When a CU sub-unit returns a result, it wants RF write bandwidth, but VALU will, generally, fully occupy RF write bandwidth.
Up to 70% of values are only read once and 50% of all values produced are only read once, within three instructions of being produced.

The RFC was able to reduce the number of MRF accesses by 40–70%, saving 36% of register file energy without a performance penalty.
https://www.cs.utexas.edu/users/skeckler/pubs/micro11.pdf
Using a RF cache and some arbitration for collisions within a CU it could be done. If those numbers hold, then half the time you wouldn't be writing to the RF. Reads could be even lower assuming the design didn't oversubscribe the RF. That same reduction should be sufficient to fetch multiple waves for the dynamic wavefront. Previously I assumed doubling the execution units to put more work on the RF, but dynamic waves might also work as only a single operand would be required for each.
 
GCN uses macros for division...
It was an example of an operation whose latency was data-dependent, and which was visible to the rest of the pipeline. GPU examples that might match the patent's claim about operand size would be the various precision modes. The 4-cycle cadence is maintained, but the actual propagation of signals from read to writeback would not be the same with operands ranging from 8 to 64 bits, plus the assortment of modifiers and special behaviors in GCN that might devolve into simpler bypassing of values or flushes to a hardwired value. A lot of theses cases could have been done in a shorter clock cycle at fixed voltage, if the clock wasn't sized to the longest single-cycle instruction. Alternately, the more shallow operations could be allowed to stretch their propagation time out to the full cycle by running at a lower voltage.

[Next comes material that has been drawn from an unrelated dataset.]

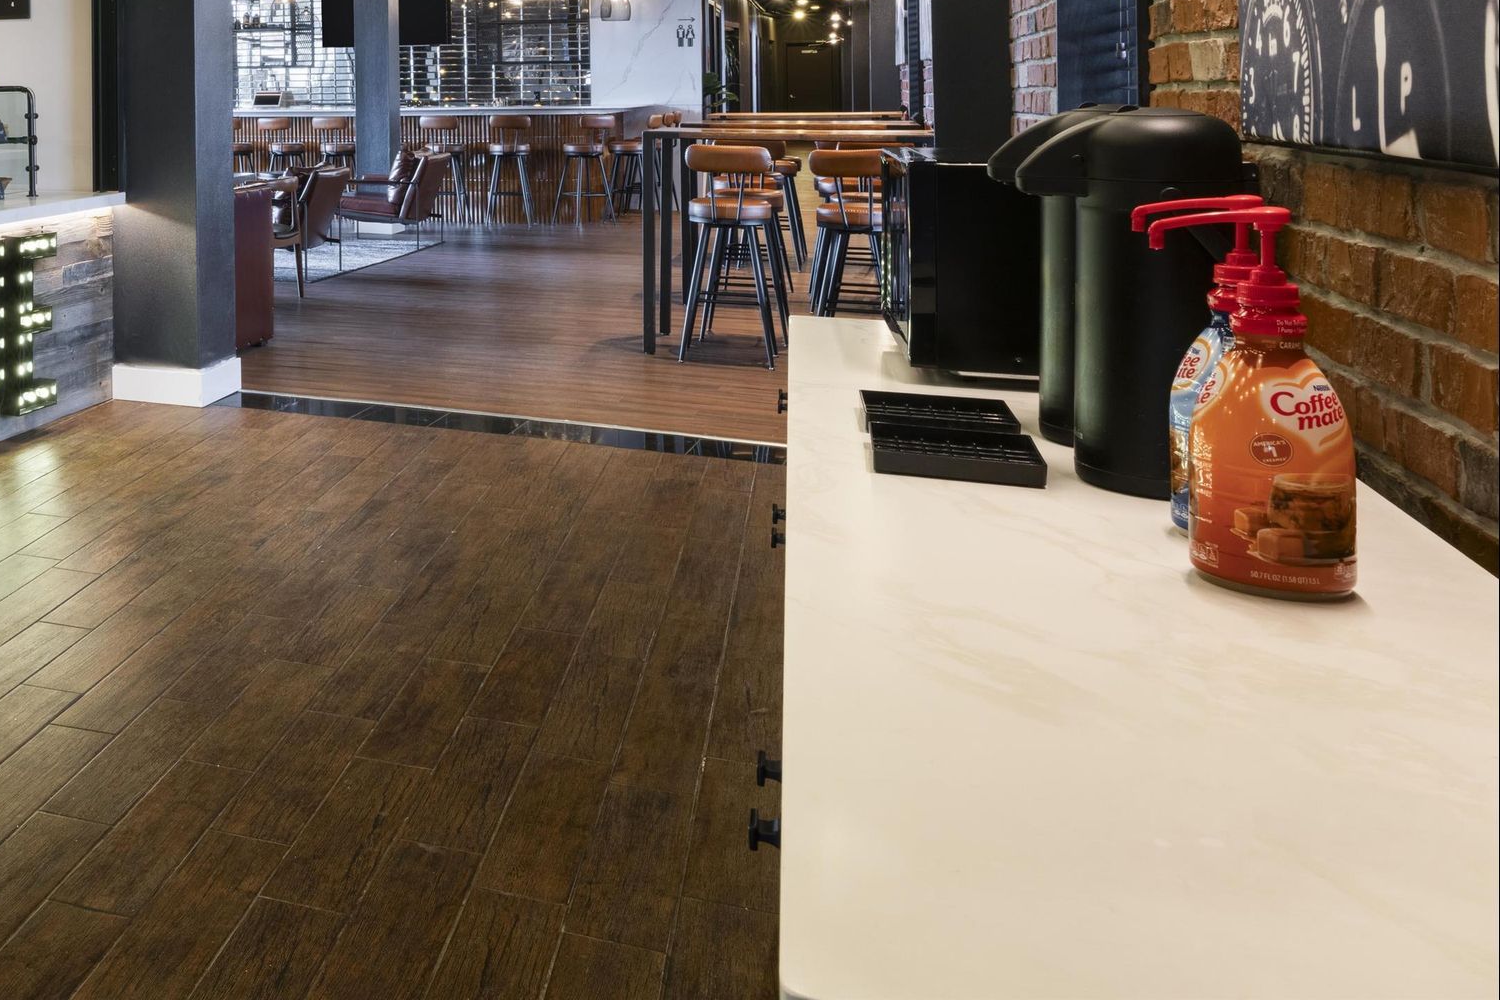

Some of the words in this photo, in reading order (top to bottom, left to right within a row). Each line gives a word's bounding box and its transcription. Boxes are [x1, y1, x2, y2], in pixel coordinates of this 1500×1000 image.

Yes, I've now realised this is the particular case where CU-wide synchronisation is meaningful. The SALU is cross-CU and all of its interactions with the SIMDs and their register files depends on fitting into the four-clock cadence (where the four SIMDs each have a 1 clock offset, so that they all spread across the SALU's own four cycle cadence).
The SALU or the CU's scheduling block could depend on the 4-cycle cadence. However, if a SIMD doesn't signal that it is ready, vector instruction issue could be skipped. Since VALU operations can vary based on certain conditions like tunable DP rate or possibly variable-latency operands like reading directly from the LDS, the CU may already have the ability to forego a VALU op if the SIMD isn't able to resolve itself fully in time.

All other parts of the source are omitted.